### Information supplied

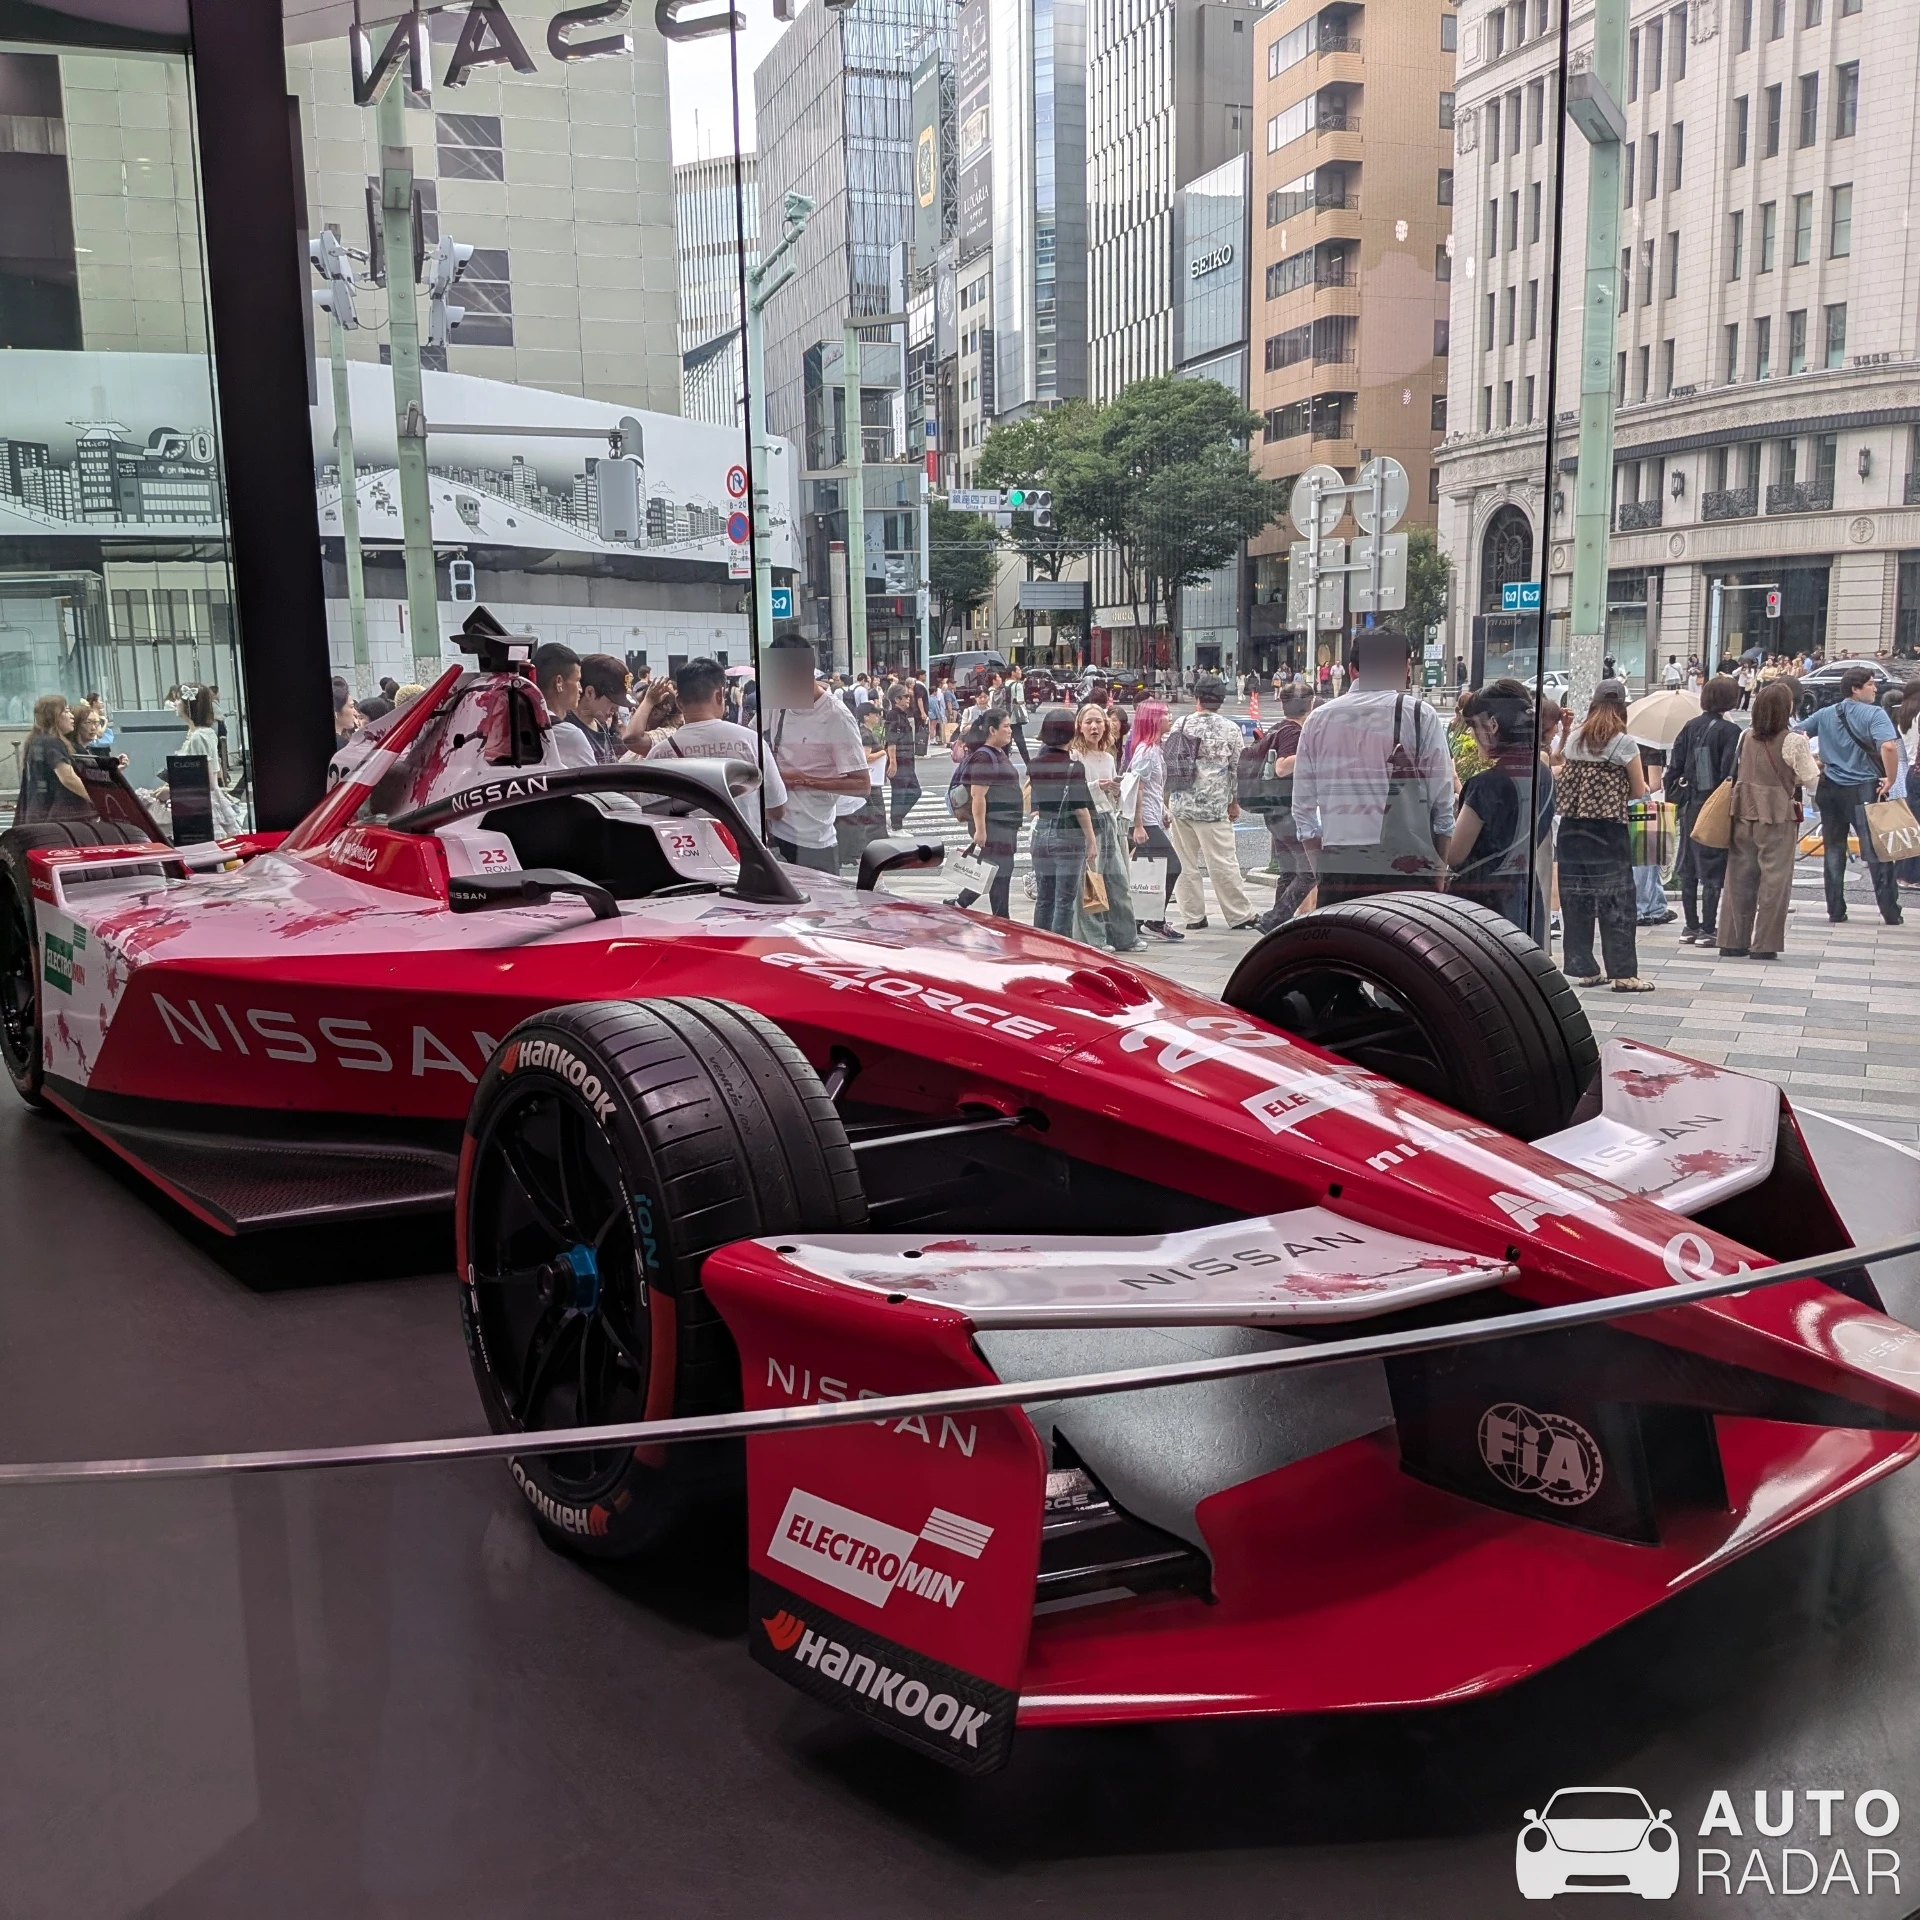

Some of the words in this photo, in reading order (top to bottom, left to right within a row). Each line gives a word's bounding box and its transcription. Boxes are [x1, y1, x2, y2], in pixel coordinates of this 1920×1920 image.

[1191, 244, 1234, 279] SEIKO
[729, 501, 747, 510] 8-20
[952, 495, 997, 505] 銀座四丁目
[451, 776, 548, 814] NISSAN
[478, 849, 508, 865] 23
[669, 835, 697, 849] 23
[484, 864, 513, 875] ROW
[1119, 1016, 1292, 1074] 23
[1365, 1126, 1503, 1173] nismo
[1488, 1171, 1629, 1234] ABB
[1118, 1231, 1367, 1291] NISSAN
[786, 1513, 965, 1609] ELECTROMIN
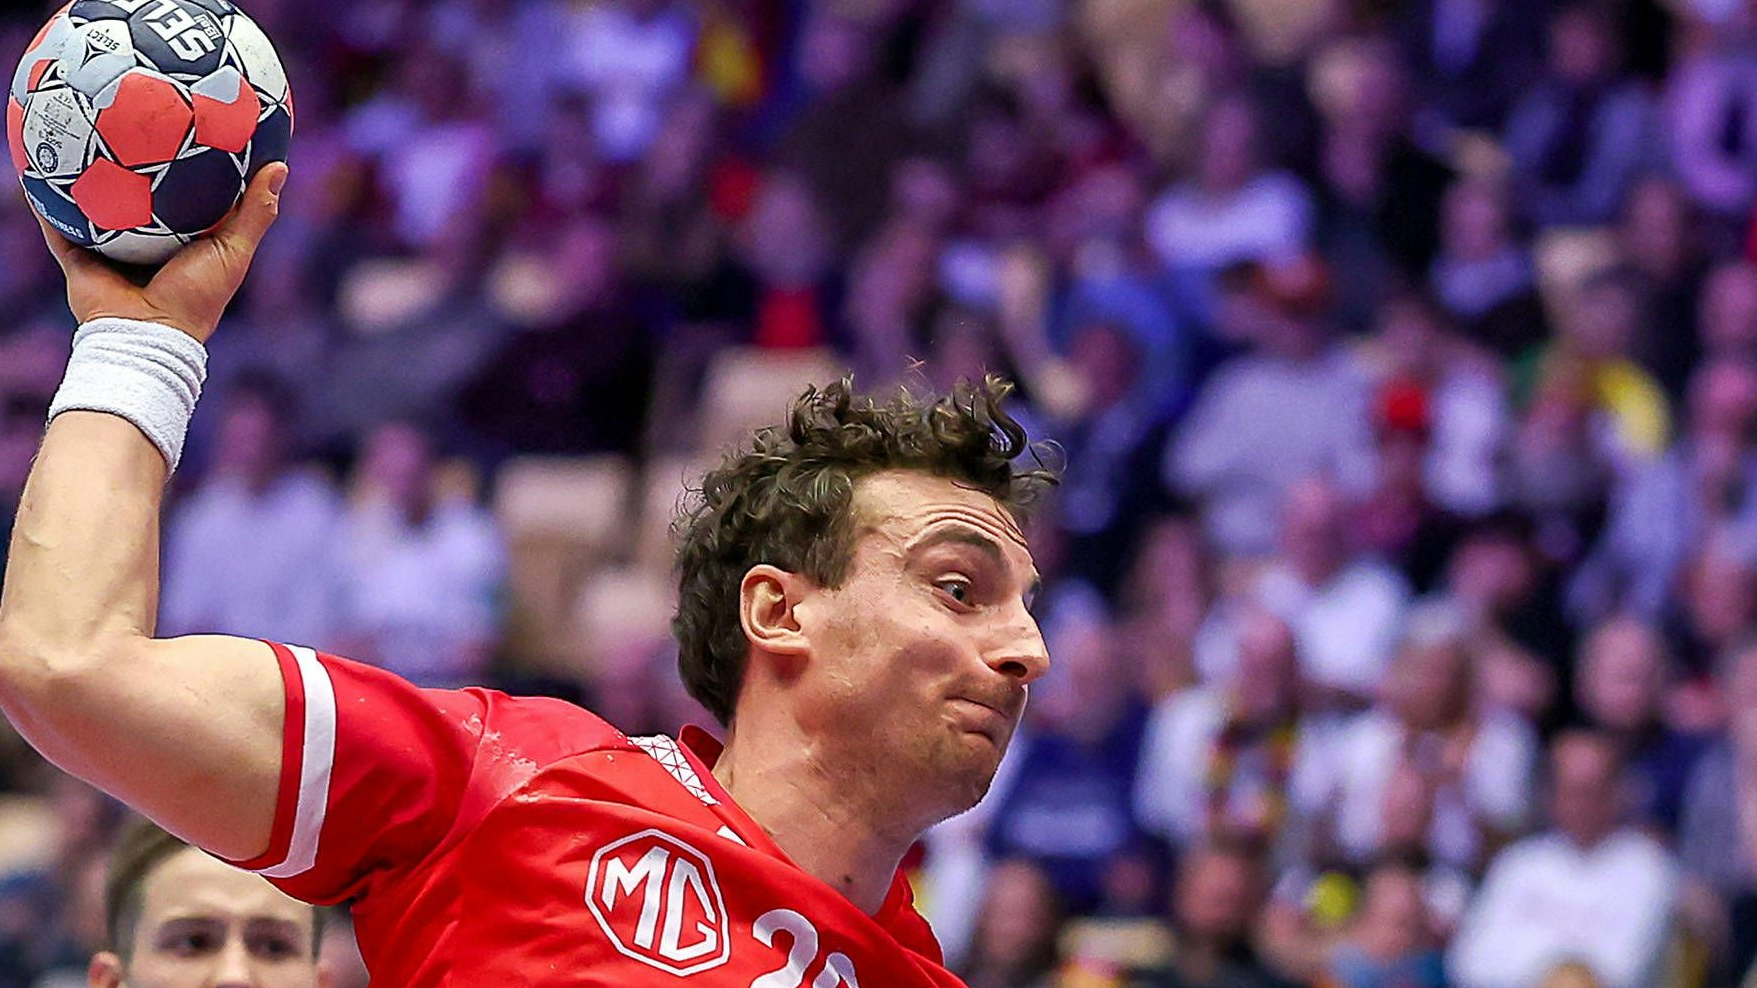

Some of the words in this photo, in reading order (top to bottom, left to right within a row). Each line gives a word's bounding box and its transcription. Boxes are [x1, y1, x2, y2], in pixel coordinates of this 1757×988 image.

[87, 29, 120, 51] SELECT
[111, 0, 217, 62] SEL
[601, 845, 718, 962] MG
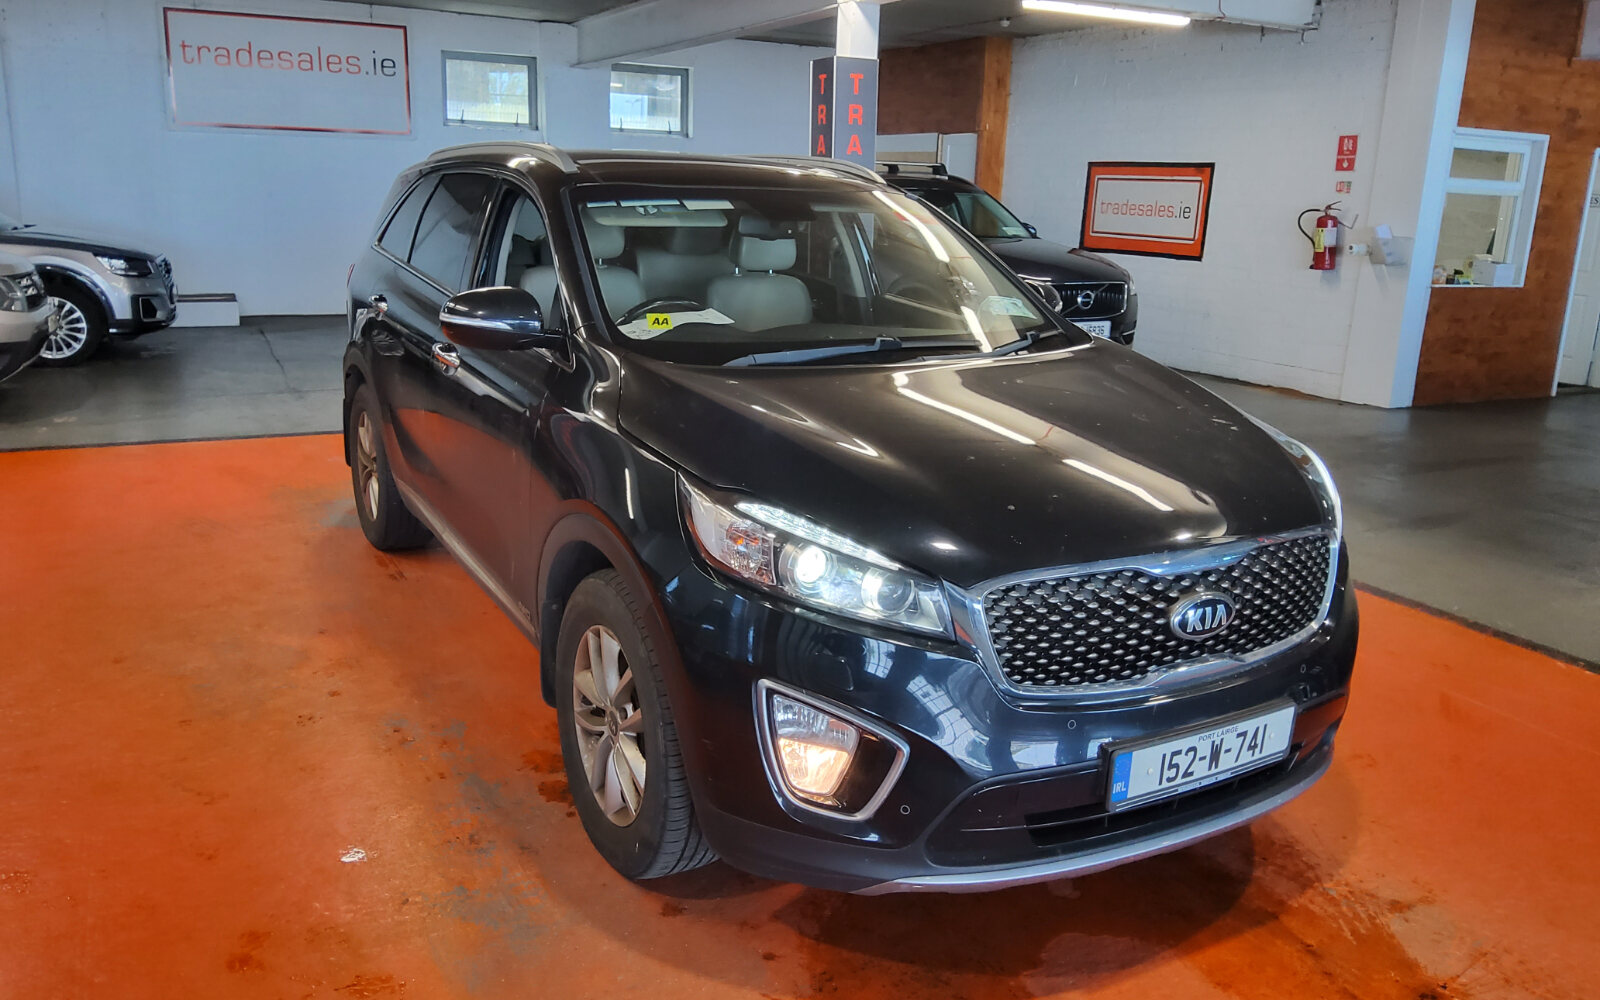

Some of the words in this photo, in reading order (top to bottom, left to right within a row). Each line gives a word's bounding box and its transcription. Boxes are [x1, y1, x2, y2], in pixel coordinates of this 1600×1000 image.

[179, 39, 397, 77] tradesales.ie
[1100, 199, 1192, 220] tradesales.ie
[652, 317, 670, 326] AA
[1186, 604, 1227, 633] KIA
[1158, 723, 1268, 786] 152-W-741
[1112, 782, 1127, 794] IRL
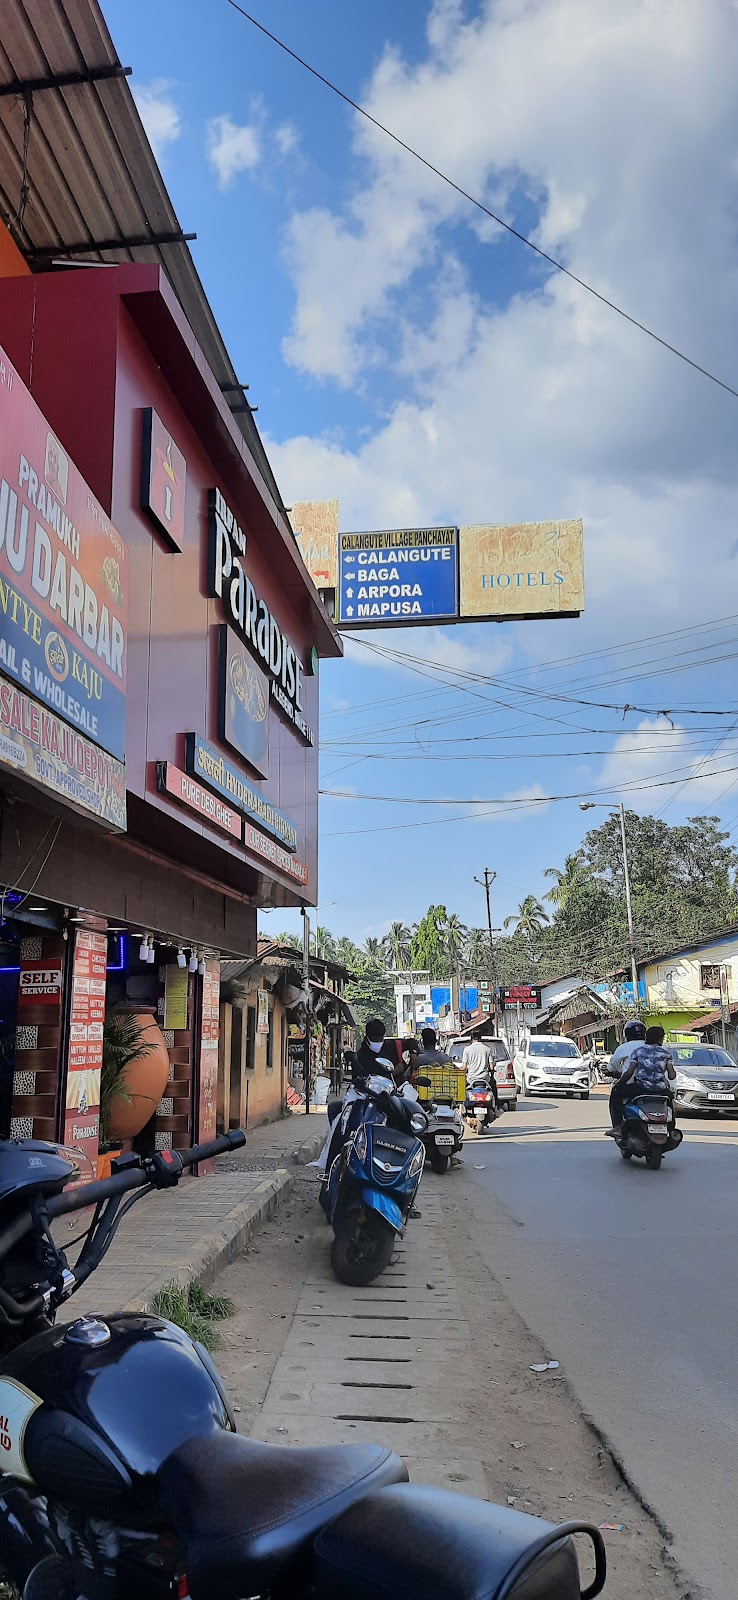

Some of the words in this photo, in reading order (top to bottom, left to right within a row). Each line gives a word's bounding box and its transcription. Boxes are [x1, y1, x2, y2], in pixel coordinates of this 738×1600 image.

### Description of the task
For every entry above, please output the text exactly and leave any picture behind.

### Problem solution
Some of the words in this photo, in reading order (top to bottom, left to right within a row). Each line gives a word's bounding box and its transcription. Boxes are [x1, y1, x2, y2], in pixel coordinates of this 1920×1920 image.

[1191, 244, 1234, 279] SEIKO
[729, 501, 747, 510] 8-20
[952, 495, 997, 505] 銀座四丁目
[451, 776, 548, 814] NISSAN
[478, 849, 508, 865] 23
[669, 835, 697, 849] 23
[484, 864, 513, 875] ROW
[1119, 1016, 1292, 1074] 23
[1365, 1126, 1503, 1173] nismo
[1488, 1171, 1629, 1234] ABB
[1118, 1231, 1367, 1291] NISSAN
[786, 1513, 965, 1609] ELECTROMIN

Some of the words in this photo, in reading order (top to bottom, left to right within a row). Each line gives a word's bounding box and its transcription. Boxes are [x1, y1, x2, y2], in pixel coordinates of this 1757×988 image.

[87, 29, 120, 51] SELECT
[111, 0, 217, 62] SEL
[601, 845, 718, 962] MG

Some of the words in this photo, in reading order (top to bottom, left to right within a row). Each line gives a word's bounding box and its transcription. Boxes are [x1, y1, x2, y2], in pixel coordinates of this 1600×1000 image.

[179, 39, 397, 77] tradesales.ie
[1100, 199, 1192, 220] tradesales.ie
[652, 317, 670, 326] AA
[1186, 604, 1227, 633] KIA
[1158, 723, 1268, 786] 152-W-741
[1112, 782, 1127, 794] IRL

Some of the words in this photo, in reading order (top to bottom, left to right within a row). Each line gives a word's bounding box and its transcription. Boxes are [x1, y1, x2, y2], in pixel coordinates of this 738×1600 image.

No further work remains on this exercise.